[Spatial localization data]
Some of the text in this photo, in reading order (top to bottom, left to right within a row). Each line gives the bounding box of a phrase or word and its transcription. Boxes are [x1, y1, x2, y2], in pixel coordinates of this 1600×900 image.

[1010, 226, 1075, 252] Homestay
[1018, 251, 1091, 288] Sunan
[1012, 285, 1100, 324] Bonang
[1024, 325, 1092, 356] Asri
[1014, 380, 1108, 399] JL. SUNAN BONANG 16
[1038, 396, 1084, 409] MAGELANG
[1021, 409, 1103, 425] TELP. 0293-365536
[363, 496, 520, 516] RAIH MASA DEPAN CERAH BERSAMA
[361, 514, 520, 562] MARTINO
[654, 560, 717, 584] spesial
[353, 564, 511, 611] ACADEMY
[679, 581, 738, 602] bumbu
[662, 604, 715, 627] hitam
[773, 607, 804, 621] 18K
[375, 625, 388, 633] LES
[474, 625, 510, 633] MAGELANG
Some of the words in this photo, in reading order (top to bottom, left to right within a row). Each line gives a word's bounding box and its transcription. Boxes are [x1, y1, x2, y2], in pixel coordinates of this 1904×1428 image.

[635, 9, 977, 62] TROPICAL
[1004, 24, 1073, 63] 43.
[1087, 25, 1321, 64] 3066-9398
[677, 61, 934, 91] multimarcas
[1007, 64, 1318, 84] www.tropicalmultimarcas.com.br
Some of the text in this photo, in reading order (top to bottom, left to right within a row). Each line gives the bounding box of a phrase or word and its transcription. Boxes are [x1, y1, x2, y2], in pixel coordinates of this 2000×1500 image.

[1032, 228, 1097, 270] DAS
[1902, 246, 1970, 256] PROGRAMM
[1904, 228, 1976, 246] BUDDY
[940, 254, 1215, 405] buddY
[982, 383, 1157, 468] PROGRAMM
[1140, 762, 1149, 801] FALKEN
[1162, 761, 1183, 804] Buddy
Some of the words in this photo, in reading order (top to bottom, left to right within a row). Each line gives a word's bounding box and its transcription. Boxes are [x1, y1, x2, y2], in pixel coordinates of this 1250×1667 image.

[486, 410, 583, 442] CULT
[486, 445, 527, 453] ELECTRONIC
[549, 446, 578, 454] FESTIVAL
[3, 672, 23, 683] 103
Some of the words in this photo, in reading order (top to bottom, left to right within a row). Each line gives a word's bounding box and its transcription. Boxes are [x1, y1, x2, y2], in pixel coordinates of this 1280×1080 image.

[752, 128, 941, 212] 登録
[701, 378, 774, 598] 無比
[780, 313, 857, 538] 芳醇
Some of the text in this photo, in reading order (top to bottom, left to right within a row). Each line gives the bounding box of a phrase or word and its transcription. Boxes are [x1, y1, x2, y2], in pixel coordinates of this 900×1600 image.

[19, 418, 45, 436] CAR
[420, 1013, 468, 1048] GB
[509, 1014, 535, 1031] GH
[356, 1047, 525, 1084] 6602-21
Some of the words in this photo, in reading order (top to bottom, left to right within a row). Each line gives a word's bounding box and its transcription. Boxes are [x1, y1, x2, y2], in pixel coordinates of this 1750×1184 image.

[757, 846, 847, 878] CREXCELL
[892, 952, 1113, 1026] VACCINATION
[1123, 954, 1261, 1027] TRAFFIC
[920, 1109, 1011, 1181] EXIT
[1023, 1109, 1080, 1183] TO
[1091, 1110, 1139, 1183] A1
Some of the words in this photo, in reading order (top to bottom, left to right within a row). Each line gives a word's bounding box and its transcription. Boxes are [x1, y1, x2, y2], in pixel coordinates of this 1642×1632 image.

• **Directions for this task**:
Return all data verbatim.

• **Task result**:
Some of the text in this photo, in reading order (top to bottom, left to right within a row). Each line gives the bounding box of a phrase or word and its transcription. Boxes are [x1, y1, x2, y2], in pixel coordinates of this 1600×900 image.

[1010, 226, 1075, 252] Homestay
[1018, 251, 1091, 288] Sunan
[1012, 285, 1100, 324] Bonang
[1024, 325, 1092, 356] Asri
[1014, 380, 1108, 399] JL. SUNAN BONANG 16
[1038, 396, 1084, 409] MAGELANG
[1021, 409, 1103, 425] TELP. 0293-365536
[363, 496, 520, 516] RAIH MASA DEPAN CERAH BERSAMA
[361, 514, 520, 562] MARTINO
[654, 560, 717, 584] spesial
[353, 564, 511, 611] ACADEMY
[679, 581, 738, 602] bumbu
[662, 604, 715, 627] hitam
[773, 607, 804, 621] 18K
[375, 625, 388, 633] LES
[474, 625, 510, 633] MAGELANG
Some of the words in this photo, in reading order (top to bottom, left to right within a row). Each line gives a word's bounding box and its transcription. Boxes are [x1, y1, x2, y2], in pixel coordinates of this 1904×1428 image.

[635, 9, 977, 62] TROPICAL
[1004, 24, 1073, 63] 43.
[1087, 25, 1321, 64] 3066-9398
[677, 61, 934, 91] multimarcas
[1007, 64, 1318, 84] www.tropicalmultimarcas.com.br
Some of the text in this photo, in reading order (top to bottom, left to right within a row). Each line gives the bounding box of a phrase or word and its transcription. Boxes are [x1, y1, x2, y2], in pixel coordinates of this 2000×1500 image.

[1032, 228, 1097, 270] DAS
[1902, 246, 1970, 256] PROGRAMM
[1904, 228, 1976, 246] BUDDY
[940, 254, 1215, 405] buddY
[982, 383, 1157, 468] PROGRAMM
[1140, 762, 1149, 801] FALKEN
[1162, 761, 1183, 804] Buddy
Some of the words in this photo, in reading order (top to bottom, left to right within a row). Each line gives a word's bounding box and its transcription. Boxes are [x1, y1, x2, y2], in pixel coordinates of this 1250×1667 image.

[486, 410, 583, 442] CULT
[486, 445, 527, 453] ELECTRONIC
[549, 446, 578, 454] FESTIVAL
[3, 672, 23, 683] 103
Some of the words in this photo, in reading order (top to bottom, left to right within a row). Each line gives a word's bounding box and its transcription. Boxes are [x1, y1, x2, y2], in pixel coordinates of this 1280×1080 image.

[752, 128, 941, 212] 登録
[701, 378, 774, 598] 無比
[780, 313, 857, 538] 芳醇
Some of the text in this photo, in reading order (top to bottom, left to right within a row). Each line gives the bounding box of a phrase or word and its transcription. Boxes are [x1, y1, x2, y2], in pixel coordinates of this 900×1600 image.

[19, 418, 45, 436] CAR
[420, 1013, 468, 1048] GB
[509, 1014, 535, 1031] GH
[356, 1047, 525, 1084] 6602-21
Some of the words in this photo, in reading order (top to bottom, left to right within a row). Each line gives a word's bounding box and its transcription. Boxes are [x1, y1, x2, y2], in pixel coordinates of this 1750×1184 image.

[757, 846, 847, 878] CREXCELL
[892, 952, 1113, 1026] VACCINATION
[1123, 954, 1261, 1027] TRAFFIC
[920, 1109, 1011, 1181] EXIT
[1023, 1109, 1080, 1183] TO
[1091, 1110, 1139, 1183] A1
Some of the words in this photo, in reading order (top to bottom, left to right within a row). Each line gives a word's bounding box and its transcription. Boxes are [x1, y1, x2, y2], in pixel coordinates of this 1642×1632 image.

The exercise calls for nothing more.